The PTI government has undertaken notable policy initiatives in recent weeks, including the cash transfer scheme which can become the basis of a universal basic income. But our society is still on the cusp of a potentially explosive situation because of a hydra-headed elite. Only a concerted and organised pushback from the most politically conscious segments of society can hold it to account.

If the state does not protect the vulnerable, unrest can follow.

First, the state continues to rely on the use of coercive force in many different parts of the country. This can take the form of low-ranking state functionaries such as police constables and paramilitary personnel beating ordinary working people in public, bulldozing katchi abadis, as took place in Islamabad yesterday, or more systematic policy directives such as the apparently deliberate media and internet blackout in war-torn ethnic peripheries such as the recently merged tribal areas of KP as well as many districts in Balochistan.

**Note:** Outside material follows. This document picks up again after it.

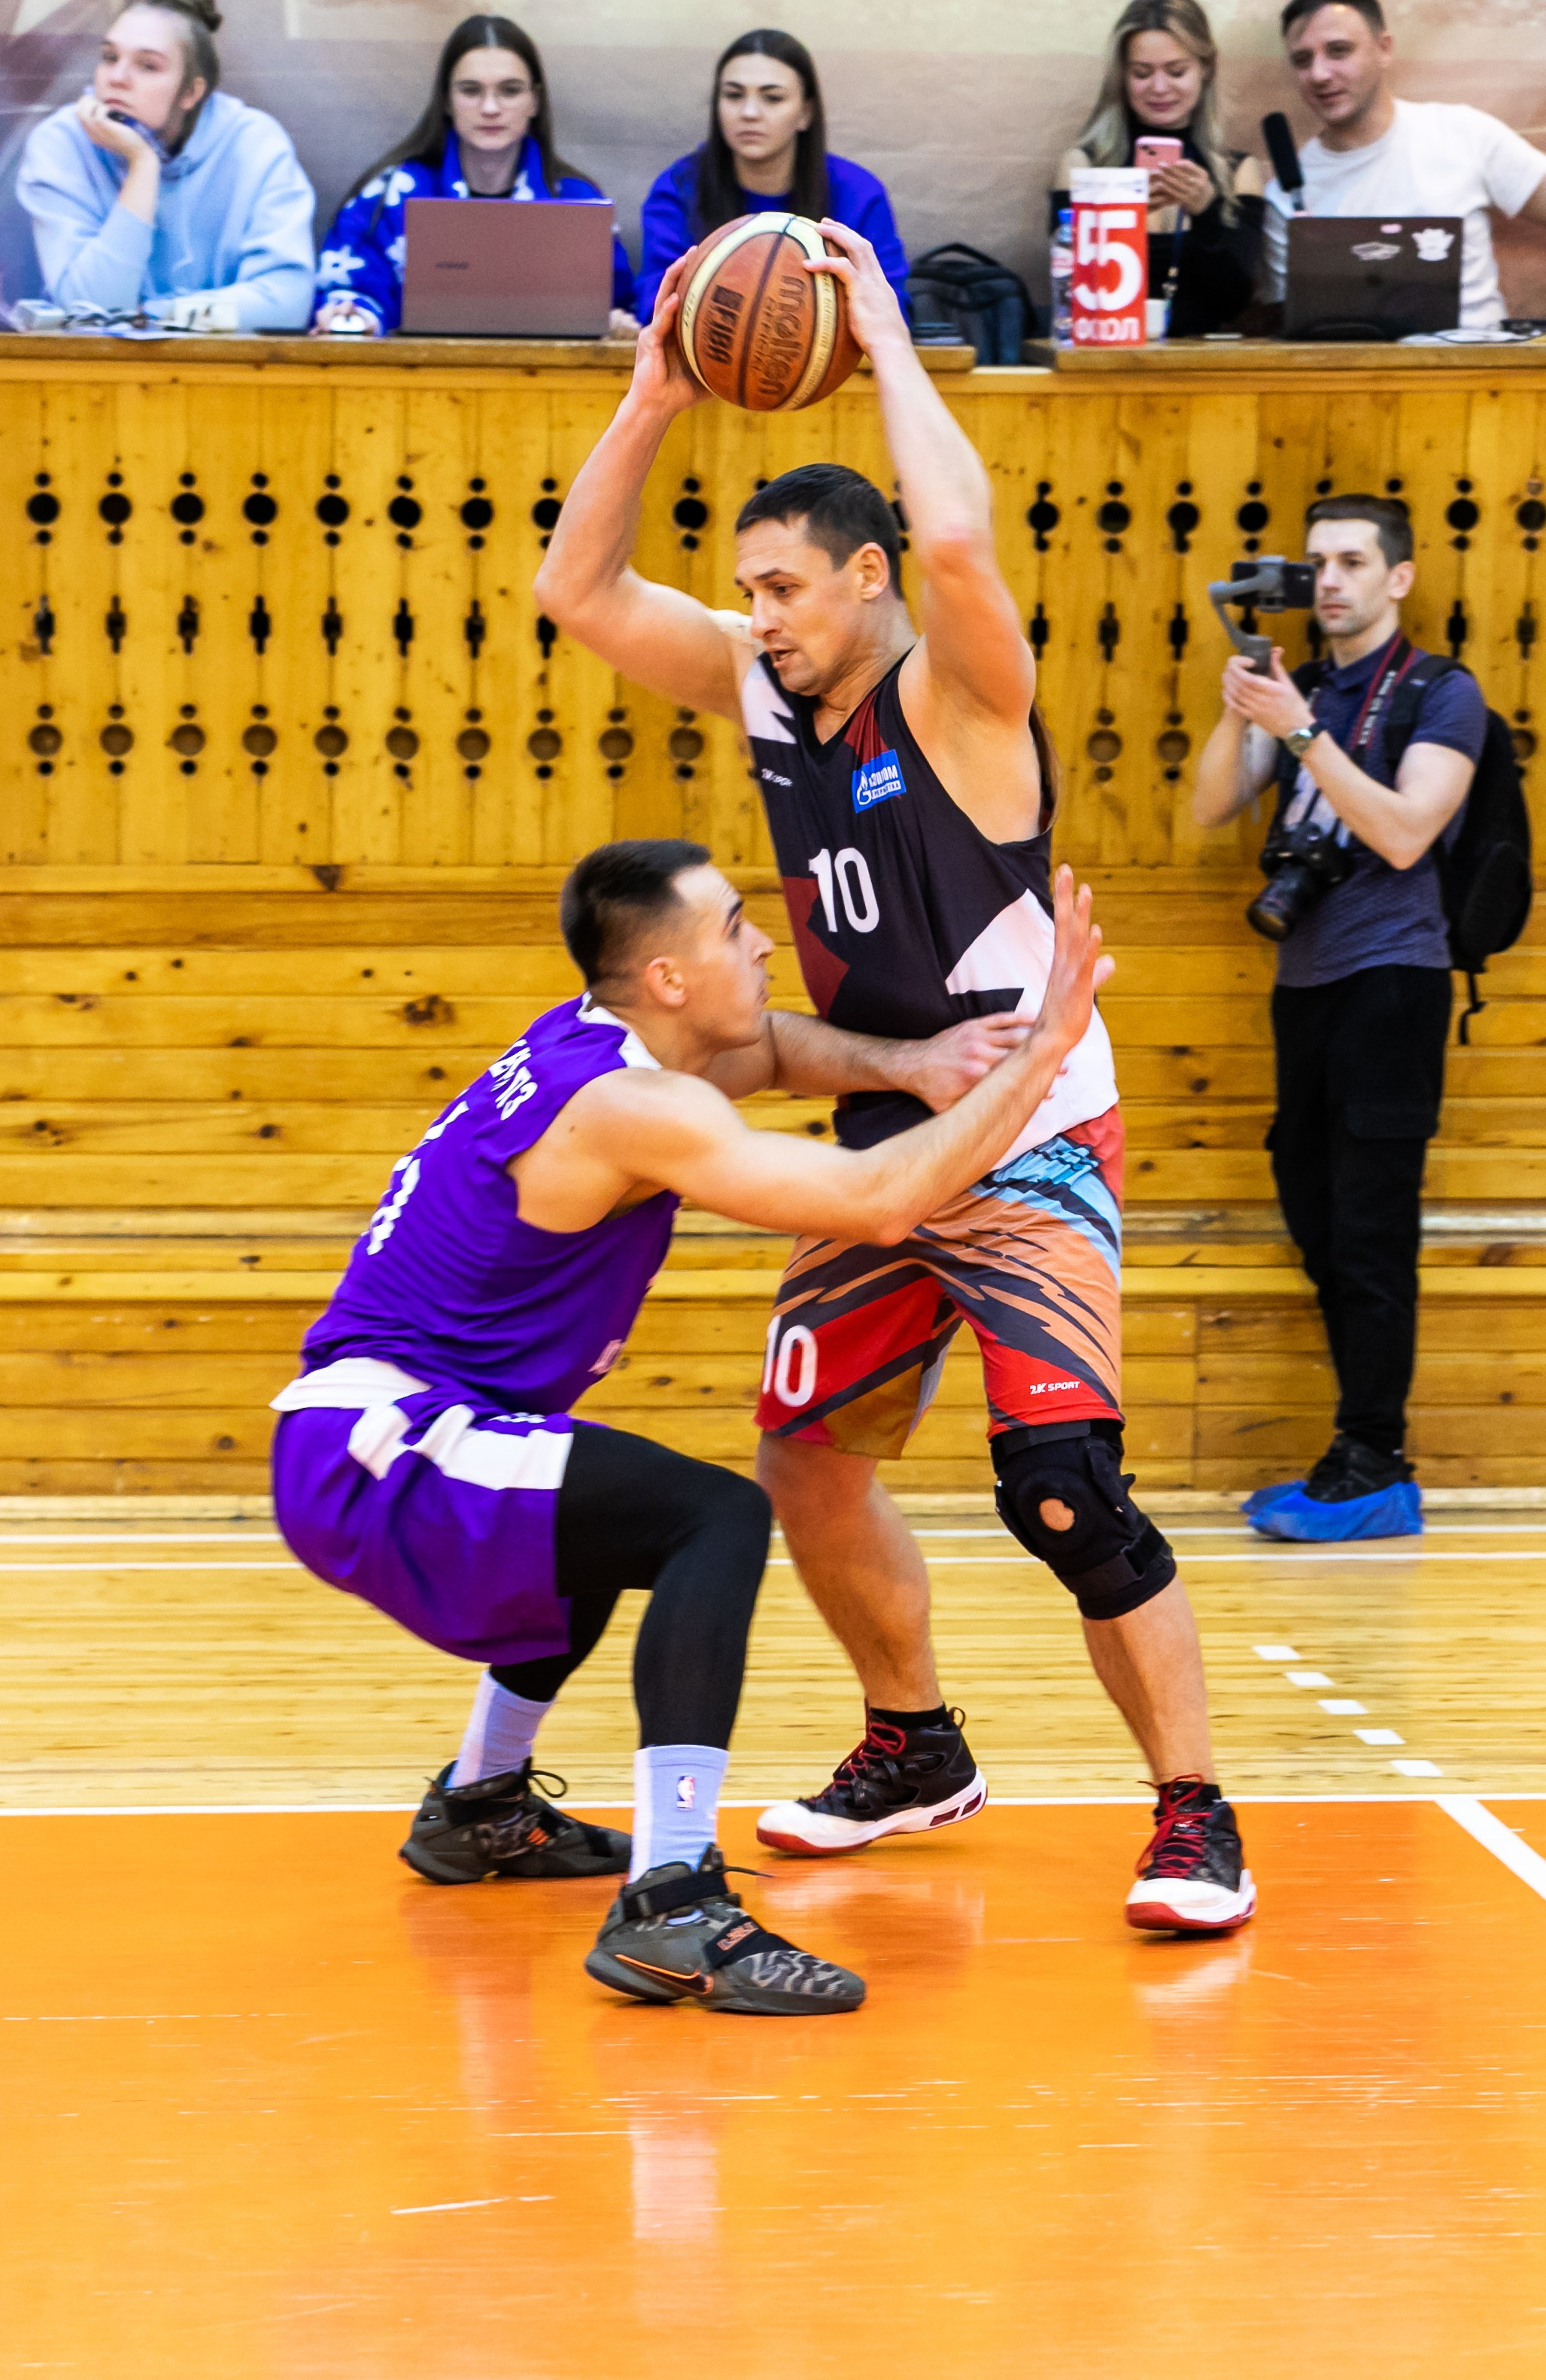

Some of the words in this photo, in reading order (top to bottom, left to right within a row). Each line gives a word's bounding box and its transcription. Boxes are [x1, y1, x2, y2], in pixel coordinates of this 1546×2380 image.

[808, 847, 879, 933] 10
[762, 1315, 818, 1407] 10
[1047, 1381, 1080, 1392] SPORT

Throughout this country’s history, the use of force by the state against its own people has always exacerbated disaffection. State personnel continuing to wield the big stick in already restive regions is bad enough, but when this starts happening in major urban centres, even the most pliant of populations are unlikely to remain so.

Second, the religious establishment — or at least some important components of it — is stoking the sentiments of ordinary people, particularly with regard to prayer congregations. This is nothing new in Pakistan, and the consequences have always been dire in the past. With the approach of the fasting month, religious sentiments are likely to intensify, and cynical provocations can quickly snowball in uncontrollable ways. Expediency on the part of the government has hardly helped, but the religious right’s uncontested power is explained by the historic patronage of the security establishment. It is telling that the latter has apparently made no intervention till now to rein in tensions growing by the day.

Third, affluent ‘apolitical’ segments living in mansions and gated communities are evincing increasingly myopic attitudes towards the working poor. Even at the best of times, the rich and powerful in our society subject to semi-serfdom those who cook, clean, drive, and do the care work for them. But the haughty notion that the poor will bring a life-threatening and extremely contagious virus into rich homes is bringing out the absolute worst in the latter. Indeed, the rich appear to be insistent on making the colonial trope of the ‘dangerous classes’ into a self-fulfilling prophecy. This is not a question of giving charity to those without the means to survive economic hardship, but about according basic dignity to the most vulnerable at a time when the slogan ‘we are all in this together’ is being bandied about liberally.

Social unrest is not inevitable in Pakistan, or, for that matter, any other country in the world. If things do deteriorate, it will be because dominant social forces and state institutions do not possess the foresight to prevent things from coming to a head. Till now, our military, religious and financial establishments have provided no evidence that they have a plan for dealing with impending social strife that incorporates concern for ordinary people. Digging a hole in the sand and submerging one’s head in it is hardly a reassuring strategy.

The majority of working people, oppressed ethnic, religious and gendered segments are deprived of meaningful leadership. Rest assured, machinations are already under way behind the scenes, even as a global pandemic plays out, for another motley crew to be put into government once the PTI reaches the end of its rope, the unending game of musical chairs set to carry on. Social unrest or not, what we need more than anything else is a genuine political movement to change the fate of this country and its long-suffering people.

The writer teaches at Quaid-i-Azam University, Islamabad.